To do: All of the entries below should be returned verbatim, apart from the pictures.
┌─ Data for the task
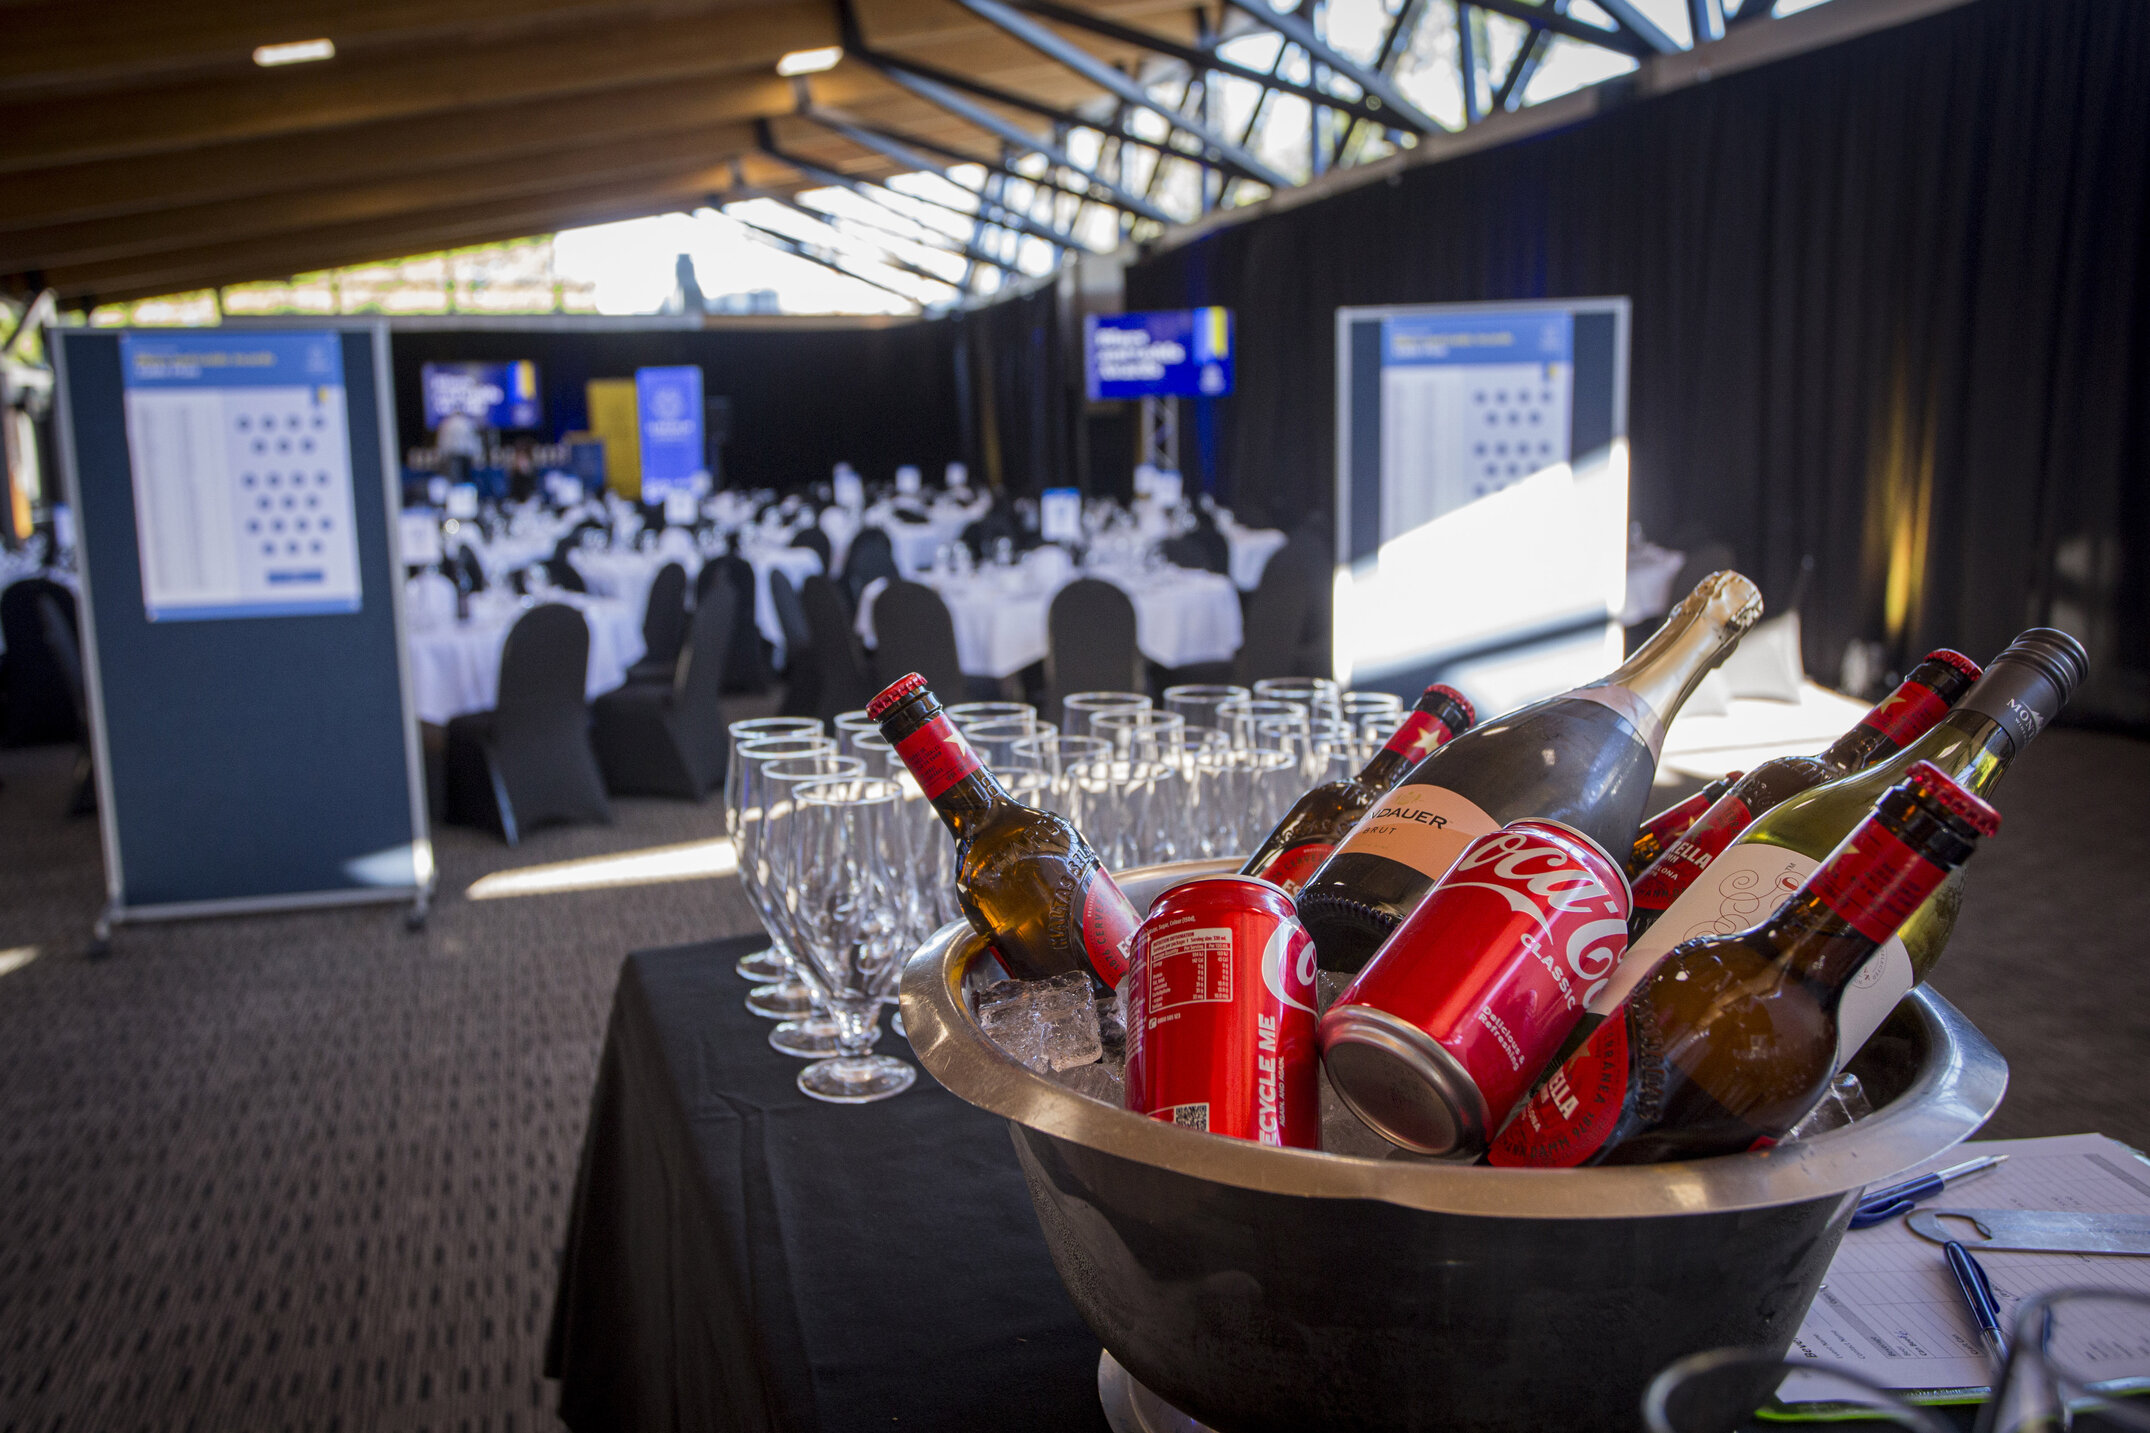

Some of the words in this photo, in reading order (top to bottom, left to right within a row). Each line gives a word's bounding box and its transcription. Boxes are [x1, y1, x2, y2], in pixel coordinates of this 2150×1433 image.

[1363, 826, 1396, 835] BRUT
[1370, 808, 1448, 829] NDAUER
[1672, 840, 1713, 870] ELLA
[1103, 950, 1120, 970] 1876
[1520, 933, 1576, 1011] CLASSIC
[1258, 1013, 1276, 1052] ME
[1478, 1013, 1519, 1072] Refreshing
[1482, 1005, 1520, 1054] Delicious
[1519, 1055, 1526, 1065] &
[1258, 1054, 1277, 1146] ECYCLE
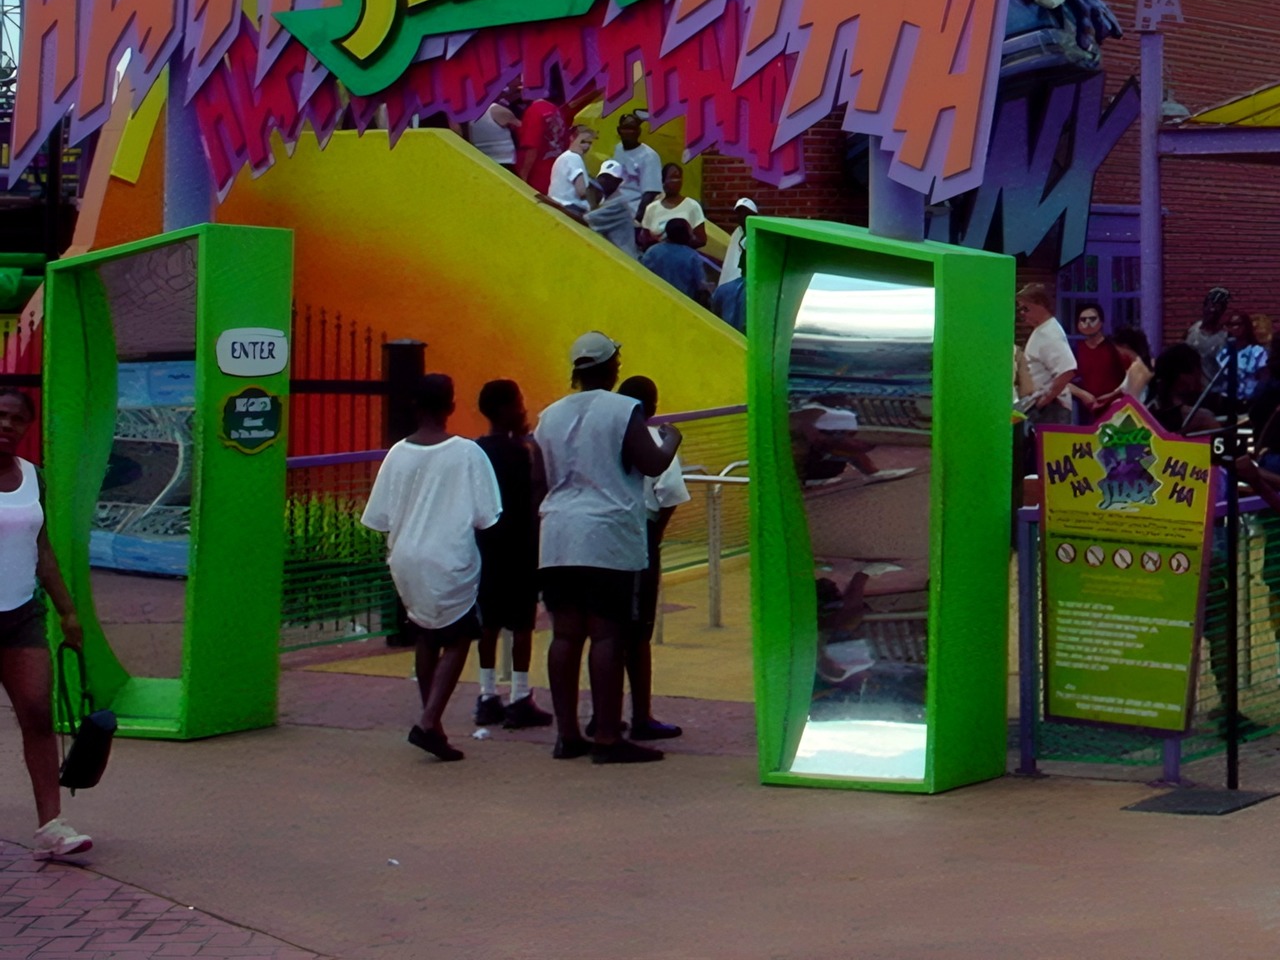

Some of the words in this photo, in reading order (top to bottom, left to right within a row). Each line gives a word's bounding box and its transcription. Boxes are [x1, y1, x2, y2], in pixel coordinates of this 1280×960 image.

[231, 341, 276, 360] ENTER
[1046, 455, 1078, 485] HA
[1162, 456, 1190, 482] HA
[1168, 481, 1195, 508] HA
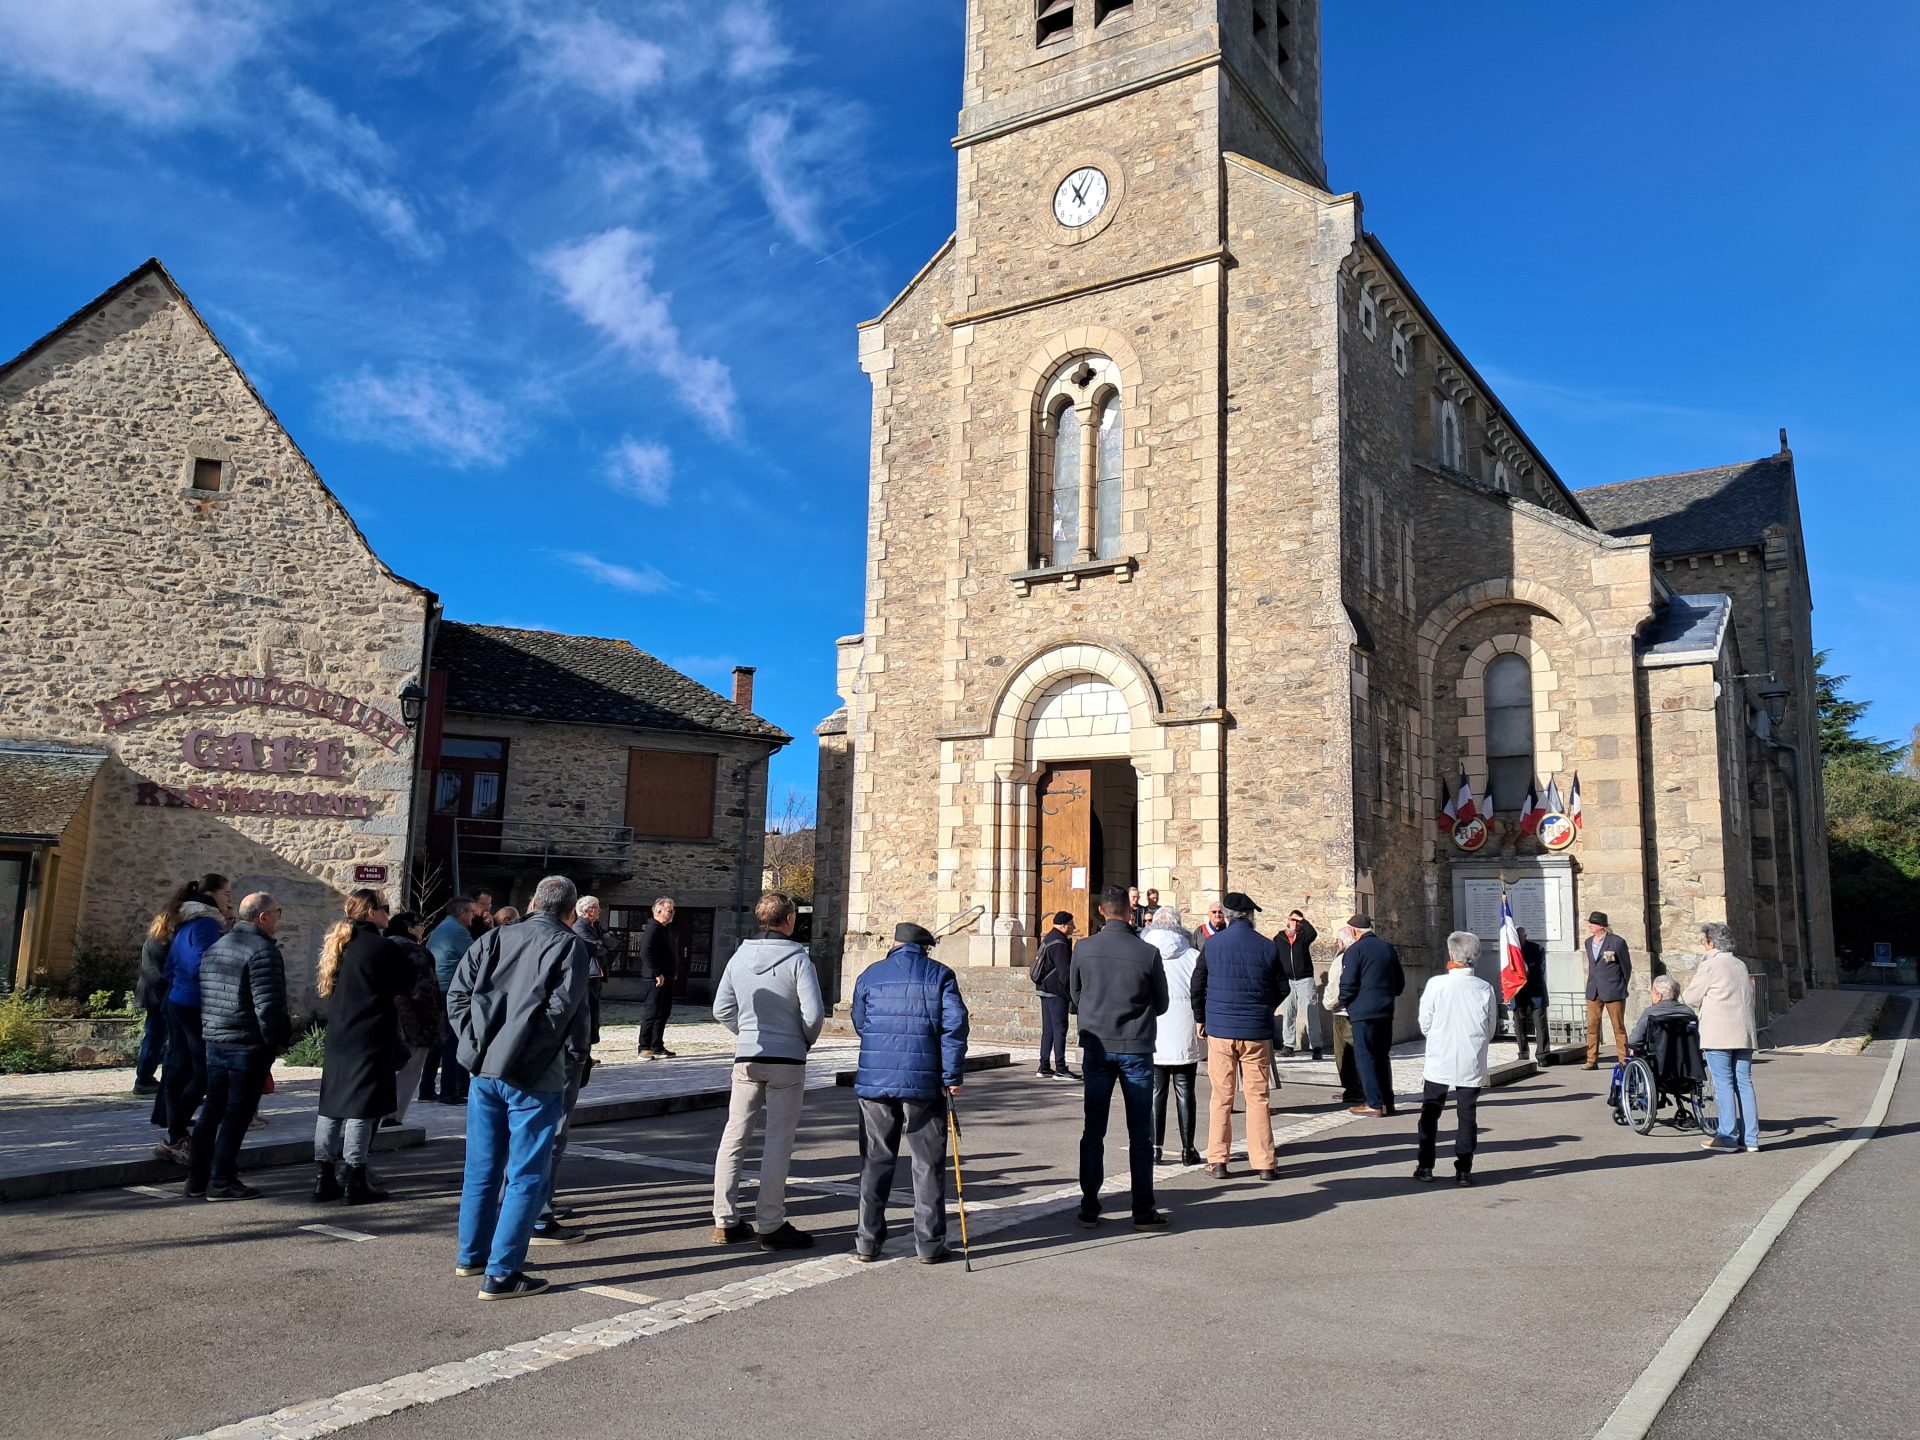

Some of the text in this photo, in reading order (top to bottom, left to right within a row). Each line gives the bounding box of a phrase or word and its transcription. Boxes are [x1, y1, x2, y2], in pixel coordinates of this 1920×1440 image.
└─
Exercise response:
Some of the words in this photo, in reading order (top to bottom, left to right within a row). Each line gives a word's bounding box and its transcription. Boxes are [x1, y1, x2, y2], in pixel coordinates of this 2150×1433 image.

[1363, 826, 1396, 835] BRUT
[1370, 808, 1448, 829] NDAUER
[1672, 840, 1713, 870] ELLA
[1103, 950, 1120, 970] 1876
[1520, 933, 1576, 1011] CLASSIC
[1258, 1013, 1276, 1052] ME
[1478, 1013, 1519, 1072] Refreshing
[1482, 1005, 1520, 1054] Delicious
[1519, 1055, 1526, 1065] &
[1258, 1054, 1277, 1146] ECYCLE

Some of the words in this photo, in reading order (top to bottom, left to right within a row). Each line gives a word's bounding box and its transcription. Boxes are [x1, y1, x2, y2], in pixel coordinates of this 1280×960 image.

[231, 341, 276, 360] ENTER
[1046, 455, 1078, 485] HA
[1162, 456, 1190, 482] HA
[1168, 481, 1195, 508] HA

Some of the text in this photo, in reading order (top to bottom, left to right within a row). Each line gives the bounding box of a phrase or word and its transcription. Boxes are [x1, y1, x2, y2], in pixel coordinates of this 1920×1440 image.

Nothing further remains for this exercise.